Cycles could outnumber cars in London’s AM peak by 2019
by Laura Laker March 24 2016
Overall, political leadership is needed from the next mayor, it says, including to tackle and reduce private car use in the city. Though there are signs Mayoral candidates are spooked by “bikelash”, evidence from other cities shows it won’t last. It says: “For years in this country, we did half-hearted cycling schemes that upset nobody but also, bluntly, helped nobody and changed nothing.”
The sheer numbers cycling in London has radically changed that, it says.
Boris Johnson says that though the cycling programme was one of the most difficult things he has done, his single biggest regret as mayor was he didn’t do it sooner.

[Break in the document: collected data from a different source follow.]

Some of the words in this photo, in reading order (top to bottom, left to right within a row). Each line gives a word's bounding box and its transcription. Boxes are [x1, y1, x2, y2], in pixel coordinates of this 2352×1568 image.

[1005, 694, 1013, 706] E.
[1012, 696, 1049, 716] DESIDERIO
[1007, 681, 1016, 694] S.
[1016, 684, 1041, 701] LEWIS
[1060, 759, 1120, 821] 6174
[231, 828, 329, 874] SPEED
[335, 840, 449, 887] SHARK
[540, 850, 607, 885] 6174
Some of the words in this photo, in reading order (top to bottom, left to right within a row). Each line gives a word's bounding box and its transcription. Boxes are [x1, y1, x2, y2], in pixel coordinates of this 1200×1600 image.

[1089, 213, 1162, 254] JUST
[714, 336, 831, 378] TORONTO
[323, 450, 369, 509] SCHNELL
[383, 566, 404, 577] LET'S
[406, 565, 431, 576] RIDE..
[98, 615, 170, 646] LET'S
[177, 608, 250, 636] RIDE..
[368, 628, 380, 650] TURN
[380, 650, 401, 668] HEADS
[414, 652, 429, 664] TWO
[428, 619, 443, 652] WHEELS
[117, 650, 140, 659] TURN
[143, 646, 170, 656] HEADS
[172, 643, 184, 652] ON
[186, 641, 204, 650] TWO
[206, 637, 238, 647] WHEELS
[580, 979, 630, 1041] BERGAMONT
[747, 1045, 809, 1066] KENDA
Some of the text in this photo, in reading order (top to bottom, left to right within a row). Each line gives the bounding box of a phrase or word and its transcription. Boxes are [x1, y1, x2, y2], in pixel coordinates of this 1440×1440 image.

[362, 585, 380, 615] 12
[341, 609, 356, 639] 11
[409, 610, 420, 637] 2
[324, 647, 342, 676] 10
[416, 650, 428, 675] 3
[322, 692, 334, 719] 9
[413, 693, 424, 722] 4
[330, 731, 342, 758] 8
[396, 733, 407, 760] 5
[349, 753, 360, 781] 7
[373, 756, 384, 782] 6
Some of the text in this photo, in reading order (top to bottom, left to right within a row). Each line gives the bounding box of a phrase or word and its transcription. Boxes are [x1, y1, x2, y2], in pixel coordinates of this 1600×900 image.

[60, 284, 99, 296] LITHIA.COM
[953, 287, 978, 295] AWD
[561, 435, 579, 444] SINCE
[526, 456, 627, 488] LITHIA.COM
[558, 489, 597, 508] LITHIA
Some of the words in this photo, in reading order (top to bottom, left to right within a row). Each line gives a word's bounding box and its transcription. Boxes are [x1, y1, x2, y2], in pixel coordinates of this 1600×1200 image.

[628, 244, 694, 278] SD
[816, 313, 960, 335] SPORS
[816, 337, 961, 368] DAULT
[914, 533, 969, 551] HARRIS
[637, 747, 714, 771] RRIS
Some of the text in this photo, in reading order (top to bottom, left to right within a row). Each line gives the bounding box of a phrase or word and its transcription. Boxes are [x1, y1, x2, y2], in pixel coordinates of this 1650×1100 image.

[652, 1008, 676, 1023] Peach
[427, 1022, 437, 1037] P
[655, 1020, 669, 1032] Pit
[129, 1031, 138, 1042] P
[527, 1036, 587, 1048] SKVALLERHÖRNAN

As well as spelling out the cycling programme’s successes, the report highlights where things went wrong – notably with the Quietways, supposed back street routes on borough roads, where work has been slow and failed to significantly improve road conditions.
It suggests the next mayor brings the Quietways programme into Transport for London, because too many stakeholders has complicated the issue and contributed to the programme’s failure. It adds if a route fails to come up to standards money should be withdrawn from the scheme and spent on fewer, higher quality schemes, instead.
It says more Superhighways are the way to ensure capacity meets cycling demand on London’s roads and sets out where routes are needed, including an extension of one Cycle Superhighway to Heathrow airport, one linking London Bridge with Liverpool St and another along Old Street, where almost 70 per cent of Westbound vehicles in the morning are cycles.